The United Nations International Strategy for Disaster Reduction (UNISDR) expresses its profound regret at the loss of life and the immense damage inflicted upon the people of Japan on 11 March 2011, when an earthquake and tsunami struck the north-eastern coast of the country. We take this opportunity to offer our deepest condolences to all who have lost family members and homes as well as those who still await information about missing relatives and friends.

While it may be hard to draw solace from the current state of affairs, perhaps we can take some measure of comfort in knowing that even more lives would have been lost, and damage been more widespread, had the Japanese Government not made disaster risk reduction a high priority over a long period of time. As early as 1896, the authorities laid down the roots for reducing disaster risk in Tohoku, following the Meiji Sanriku Earthquake and Tsunami. Over the years, awareness has evolved into stringent building codes and stronger buildings that sway and slide above the ground rather than crumble. Such precautions, based on lessons learned, have been translated into wider national disaster risk reduction plans, which totaled some US$25 billion in 2008.

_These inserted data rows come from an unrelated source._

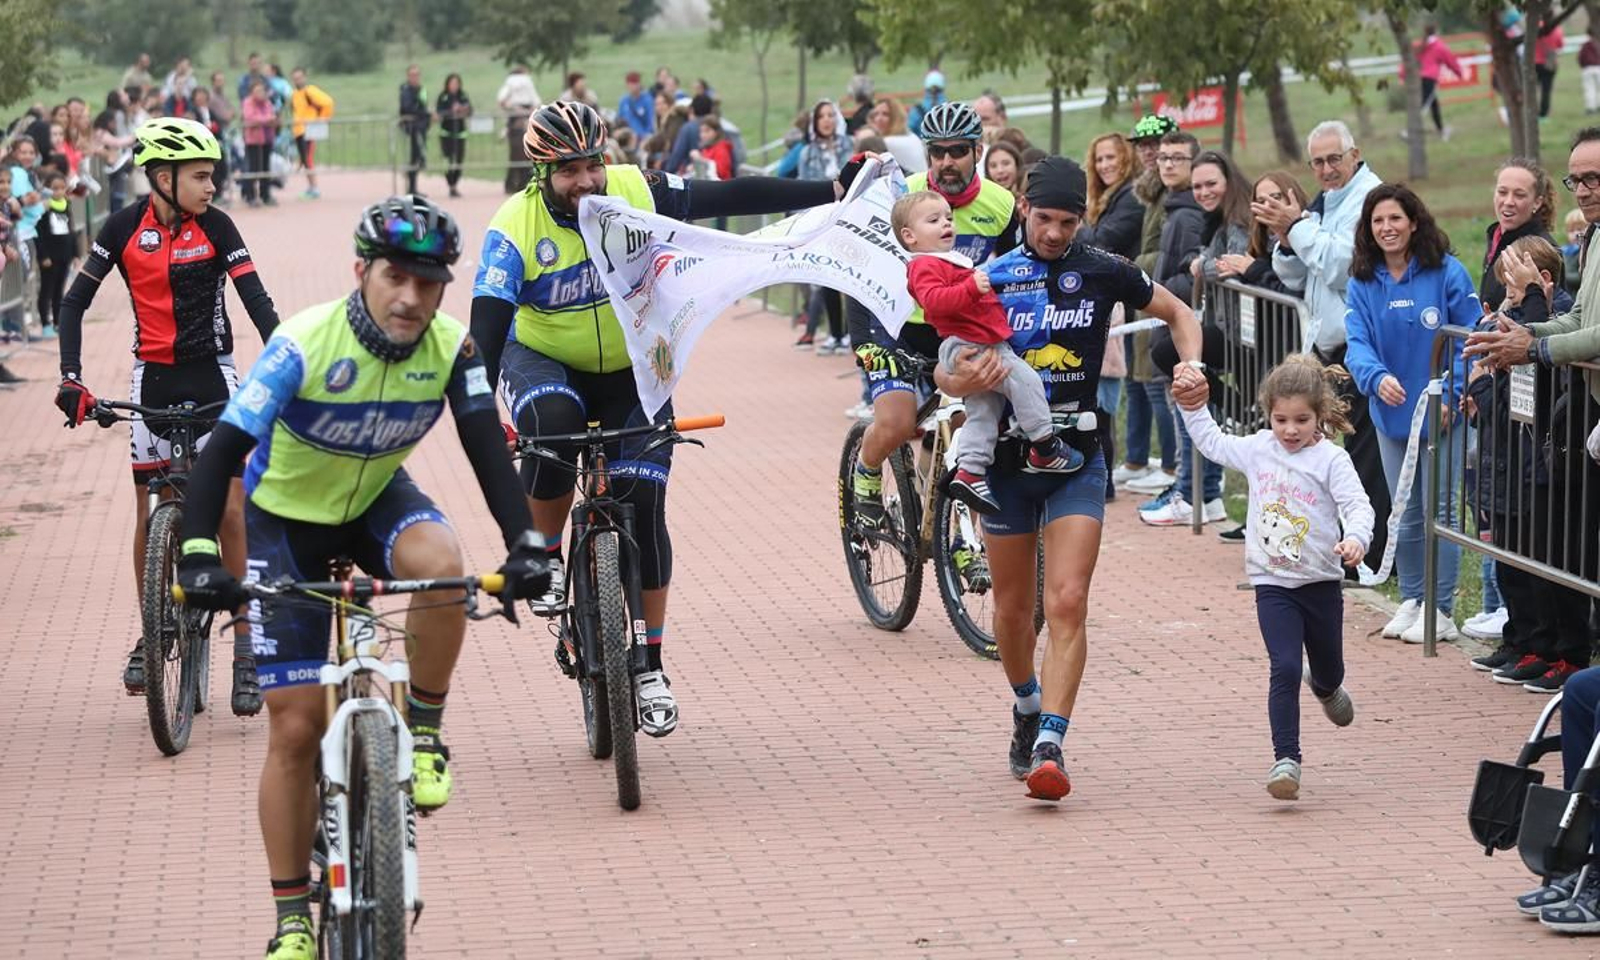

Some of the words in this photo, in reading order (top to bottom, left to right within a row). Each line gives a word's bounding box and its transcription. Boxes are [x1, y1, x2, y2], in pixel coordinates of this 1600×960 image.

[801, 252, 897, 312] ROSALEDA
[1007, 307, 1036, 331] LOS
[1040, 304, 1095, 331] PUPAS
[541, 385, 555, 393] IN
[307, 409, 358, 443] LOS
[352, 407, 434, 449] PUPAS
[639, 467, 651, 476] IN
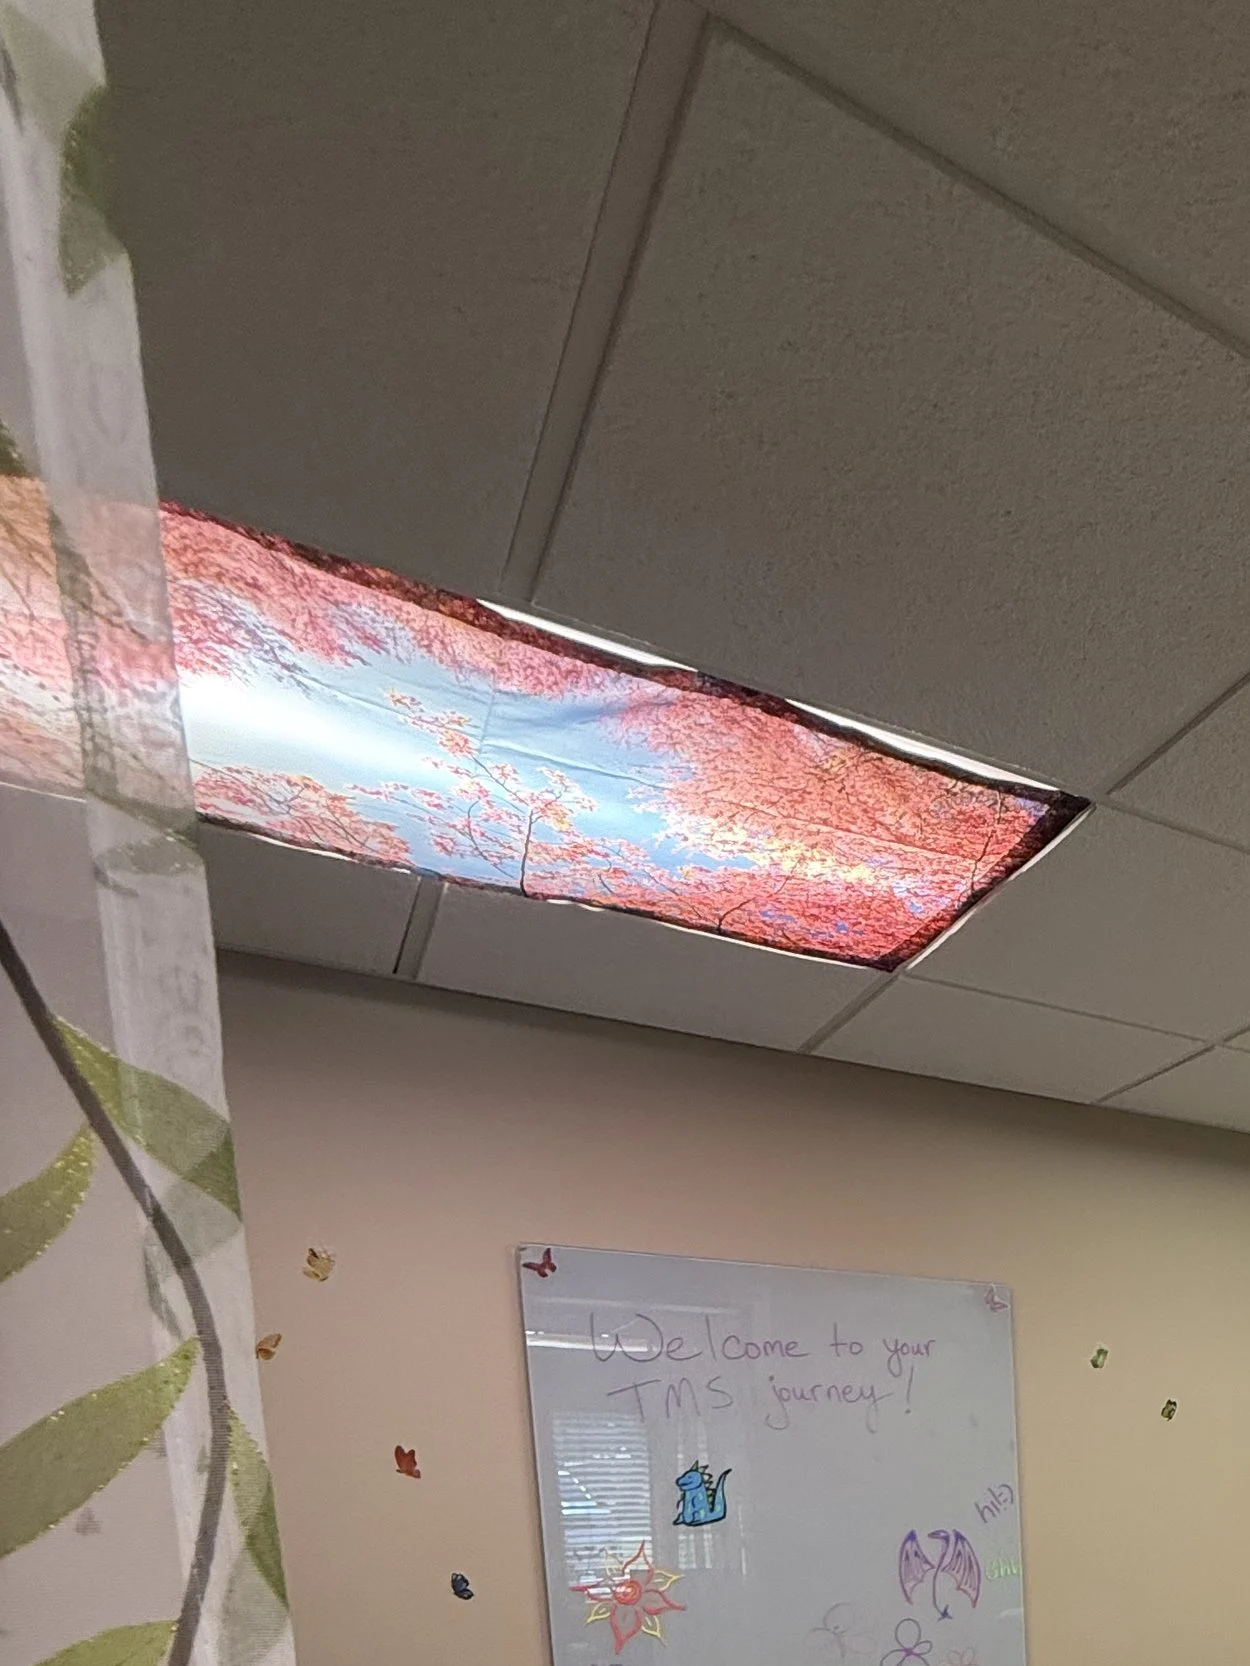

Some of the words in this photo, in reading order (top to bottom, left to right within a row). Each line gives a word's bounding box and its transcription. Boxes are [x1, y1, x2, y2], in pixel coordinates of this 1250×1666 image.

Nevertheless, the intensity and scale of the 11 March earthquake of 9.0, and the ensuing tsunami, exceeded the planning parameters foreseen. The crisis that has arisen from the damage to the nuclear power plant gives new impetus to the critical need - plan broadly and inclusively for unique risk-scenarios. Clearly, overall risk mitigation and preparedness planning for critical and vulnerable core socio-economic infrastructure must be given higher priority.
This tsunami tragedy reminds us all that, beyond simulations and drills, it is also important that we as individuals, and in our capacity as professionals, are always conscious of risk as a constant in everyday life. How do we live with it? What do we need to know to better understand our risks? Knowing the answers to questions like these will support resilience.

The Japanese experience once again underscores the value of and the need for comprehensive multi-hazard approaches to risk reduction, particularly as landscape and climate patterns change over time.

UNISDR affirms its solidarity with the people of Japan and pays tribute to their enormous resilience and courage. We also support the Government's continued efforts to build resilient communities; to take inspiration from the bravery of the people facing this catastrophe and; to bring speedy respite to those who still suffer.

Margareta Wahlström
Special Representative of the Secretary-General for Disaster Risk Reduction

(Photo credit: Flickr @kalleboo)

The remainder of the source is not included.